Chairman Wheeler explained that he intends to propose rules that will allow for a case-by-case analysis of traffic management, allowing practices that are “commercially reasonable” to all on reasonable terms. Any type of practice that harms competition or consumers as a result of abuse of market power would be prohibited. ITIF has long been an advocate for these types of restrictions on broadband providers.

We believe the general direction of Wheeler’s proposals to be a good balance between protecting consumers and allowing innovative business models and communication applications. Of course the actual notice of the proposed rules is not yet released, and the devil is always in the details, but a case-by-case approach allowing reasonable prioritization of traffic is to be preferred.

Below we correct a number of key misunderstandings that continue to persist despite the Chairman’s clarifications.

1. Internet “Throttling” – Some stories of the proposal claim that it would result in a network where some traffic flows smoothly while others would face “frozen or frustrating” video streams.  But there is no reason to think that broadband ISPs have any interest in actively slowing Internet traffic, and even less reason to think such a practice would be allowed under the proposed rules. There is an idea circulating that the proposed rules would turn the Internet into one big toll road, allowing broadband providers to slow traffic to a crawl unless services pay up – this is absolutely false.  All consumers would continue to enjoy at minimum what is known today as “best efforts Internet” service.

Consumers demand a free and open Internet when they sign up for broadband, and ISPs want to meet that demand. The proliferation of new services like streaming video is what drives customers to these high-speed networks, and operators have no reason to stifle this demand.

Furthermore, the Commission’s proposed rules would certainly prevent such behavior. Any reduction in performance for a particular website or service would be considered anti-competitive and not “commercially reasonable,” and therefore prohibited. Similarly, an ISP would not be allowed to favor its own traffic over that of others. The fact is there have only been four reported cases of such a practice in the United States, with only one of them involving actual misbehavior (the Madison River case). The FCC immediately resolved these problems, even without the presence of formal Net Neutrality rules, suggesting that this concern is a red herring.

In short, “pay-to-play” would not be allowed – no one would have to pay a fee in order to get their content or service to consumers. What would be allowed is “pay-to-improve” – under these proposed rules, Internet services would only be allowed to get better, not worse.

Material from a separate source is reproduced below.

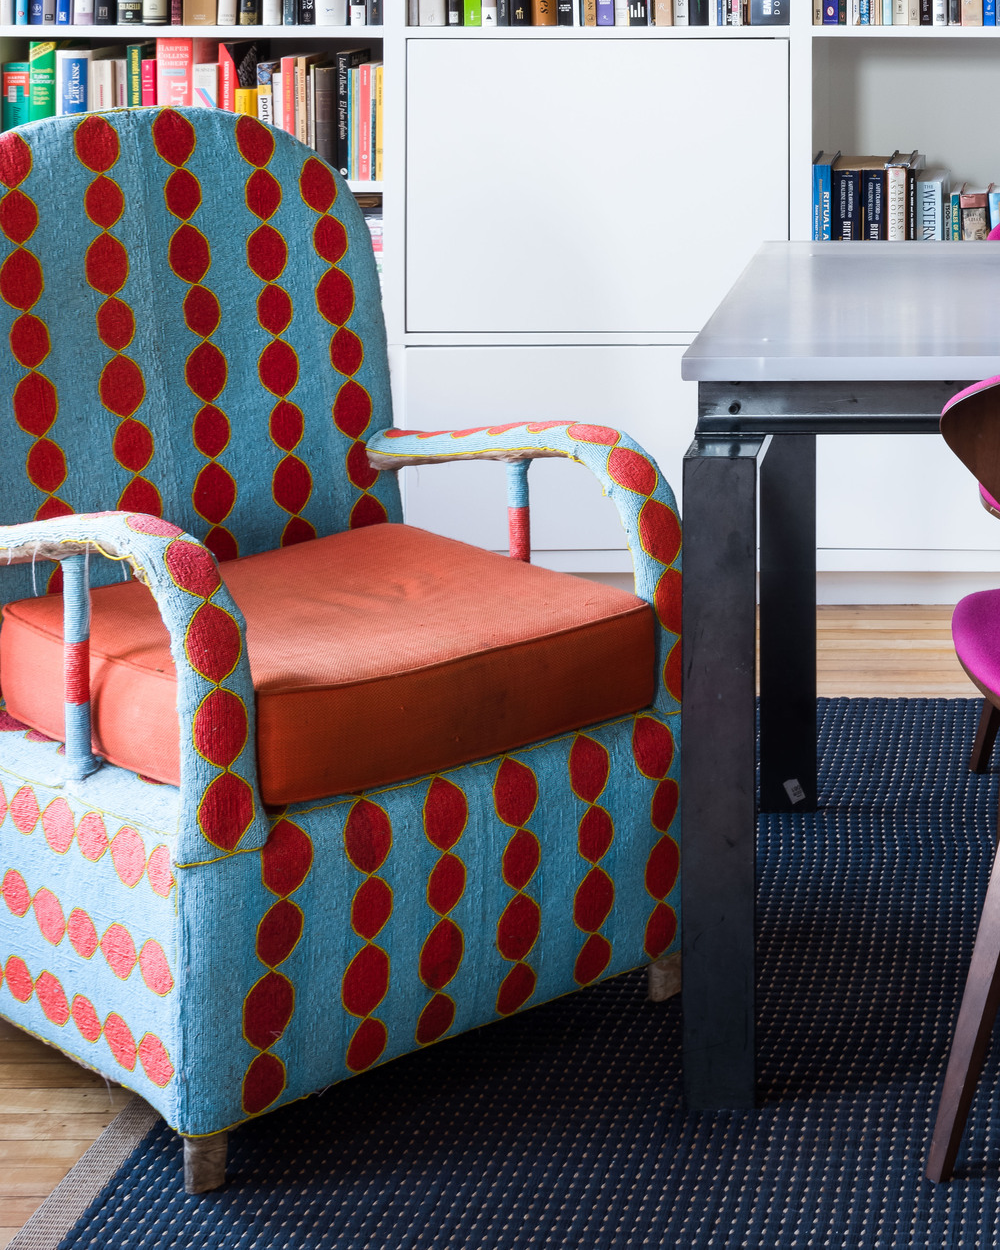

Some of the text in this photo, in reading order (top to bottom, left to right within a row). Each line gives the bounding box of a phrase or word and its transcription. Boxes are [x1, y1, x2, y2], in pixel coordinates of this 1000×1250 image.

[70, 63, 81, 104] Larousse
[131, 49, 140, 104] PORTUGUÊS BÁSICO PARA
[338, 57, 347, 96] Isabel Allende
[923, 189, 936, 240] WESTERN

2. Prioritized Content – Many reports indicate that ISPs will require payment for access to their “fast-lanes” and any type of traffic that gets stuck in the “slow-lane” will suffer. This is inaccurate. The vast majority of Internet traffic will not have a need to be prioritized and will continue to enjoy the current “best efforts” Internet.  Services like email, web browsing, video downloads, and most video streaming will likely be unchanged. The applications that will benefit most from the new rules are real-time, latency sensitive communications like video conferencing. Regular video streaming, like that provided by Netflix or YouTube, is unlikely to require any kind of prioritization. But some content providers could conceivably choose to pay extra to be able to offer extraordinarily high resolution video streaming with minimal buffering.

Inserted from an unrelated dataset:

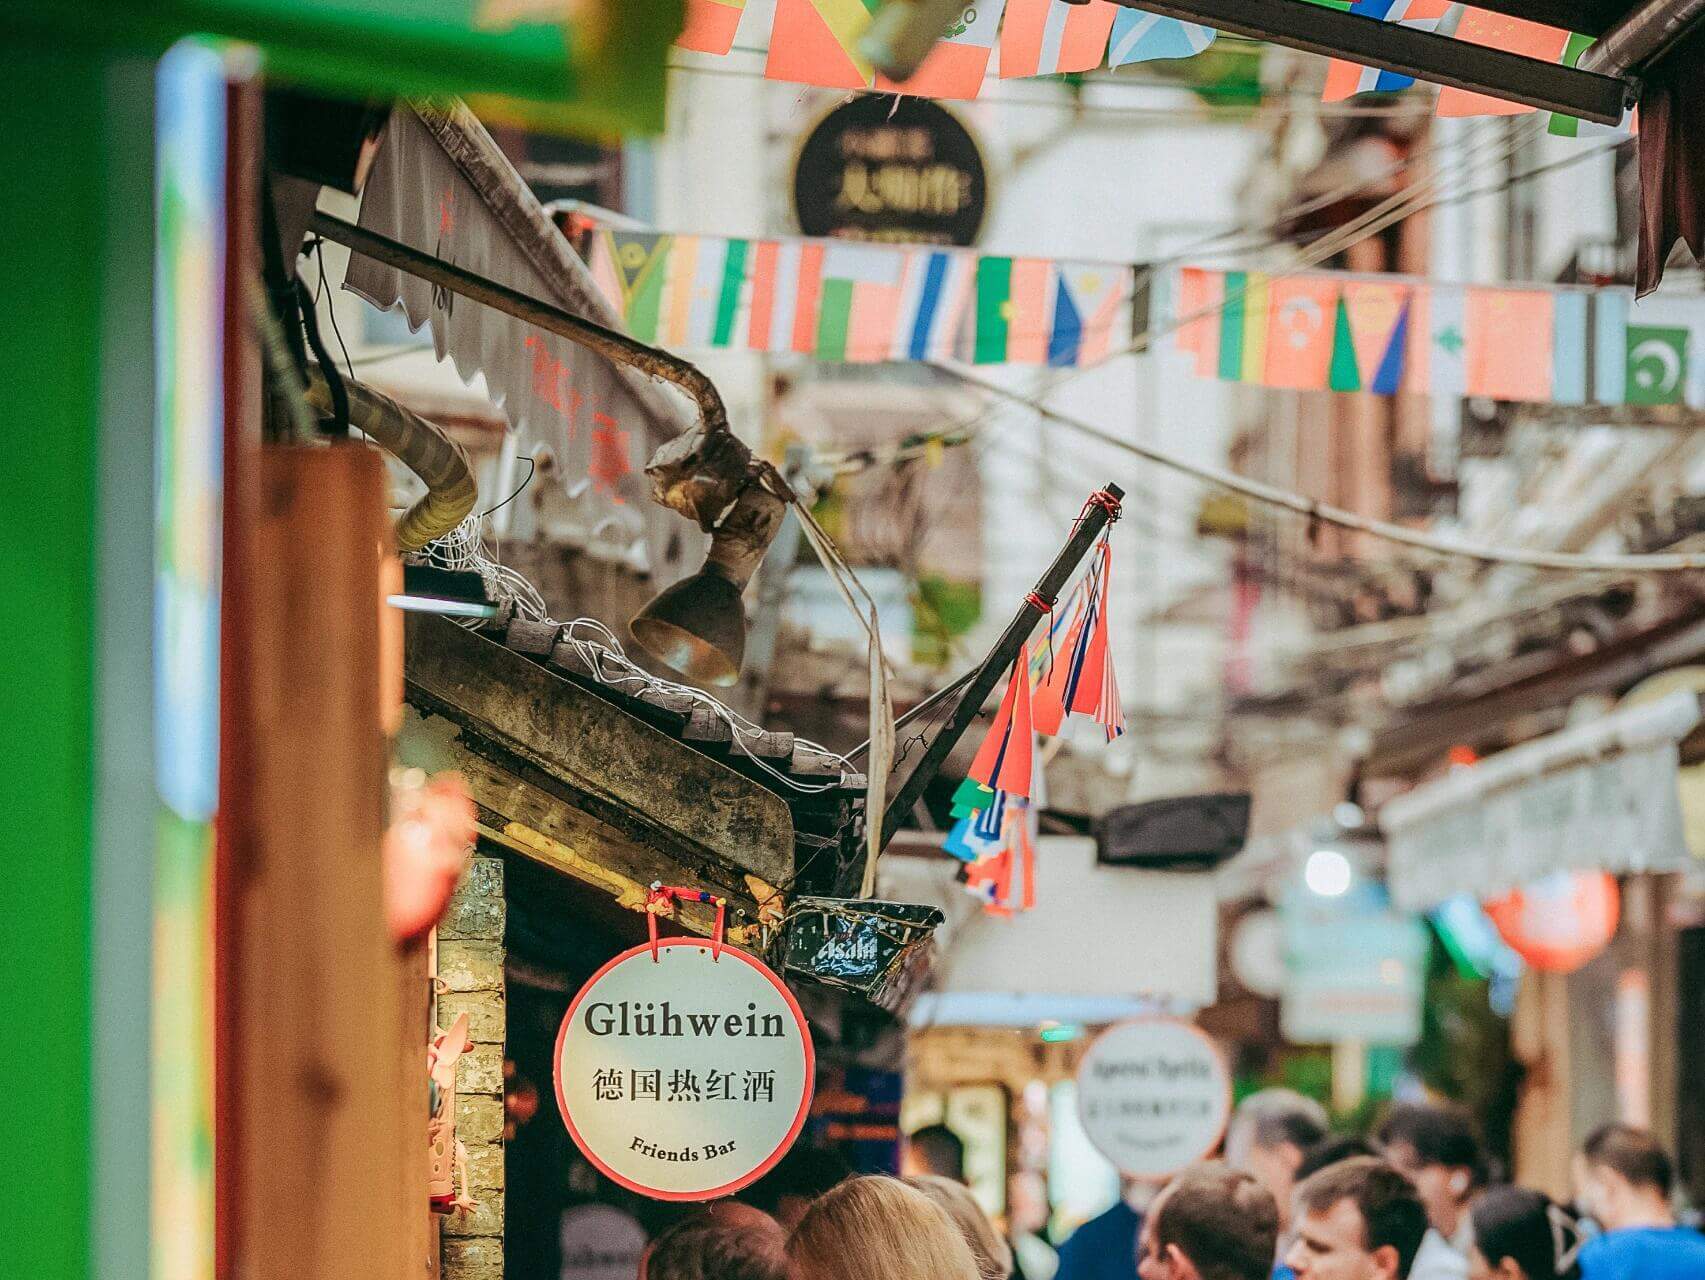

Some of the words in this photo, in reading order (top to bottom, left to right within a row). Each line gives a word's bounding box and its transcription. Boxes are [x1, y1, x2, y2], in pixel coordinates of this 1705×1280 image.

[584, 1001, 786, 1038] Glühwein
[590, 1068, 777, 1103] 德国热红酒
[629, 1136, 700, 1163] Friends
[702, 1138, 737, 1161] Bar

Yet opponents argue that the FCC must prevent a variety of service levels on the Internet. In fact, that is functionally what we have always had. Many sites pay content delivery networks (CDNs) to have their data stored near the end consumer, usually because their applications are bandwidth intensive. Other sites, like ITIF.org, do not. But if Heritage Foundation or Center for American Progress wanted to, they could pay to have their PDF reports housed on servers close to end users around the nation. The reason they don’t is that no one really cares if a PDF loads in 3 seconds or 5 seconds. Moreover, we already have fast and slow lanes – some consumers simply choose to subscribe to slow speeds and others to faster speeds. Most consumers can subscribe with their ISP to a variety of different speed tiers at home, paying more for faster ones and less for slower ones. All the Chairman’s proposal would do is allow some traffic to perform better, not allow some traffic to perform worse.

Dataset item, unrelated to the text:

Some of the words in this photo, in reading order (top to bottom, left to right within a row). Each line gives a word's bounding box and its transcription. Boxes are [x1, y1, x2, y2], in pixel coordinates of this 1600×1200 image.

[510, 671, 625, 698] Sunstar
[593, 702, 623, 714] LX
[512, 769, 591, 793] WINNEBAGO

3. Favoring some traffic means shunting other traffic to the slow lane. This is simply not true and reflects an ignorance of how Internet architecture is designed. Network management is not simple: we are not talking about having a “fast lane” and a “slow lane.” When the network itself can correctly determine an application’s needs, it can allocate resources to produce the greatest good for all applications. Allowing the last mile network to understand the technical requirements of an application’s packets would improve efficiency of the network overall. To claim that some would be “left buffering” belies a total misunderstanding of how packet discrimination would function and the efficiencies it would enable.

4. The past and present Internet treats all packets the same. Advocates of net neutrality stress, correctly, that differentiated Type of Service, a piece of information within each packet that could enable the network to know what type of application the packet is for, has not been a major element, in practice, of carriage agreements among network operators. However, organizations often employ Type of Service (and its successor, Differentiated Services) inside their own private networks, but pass packets to other networks according to the default Type of Service class known as “Best Efforts.” There has been a historic difference between Internet architecture and Internet practice, with practice lagging behind architecture.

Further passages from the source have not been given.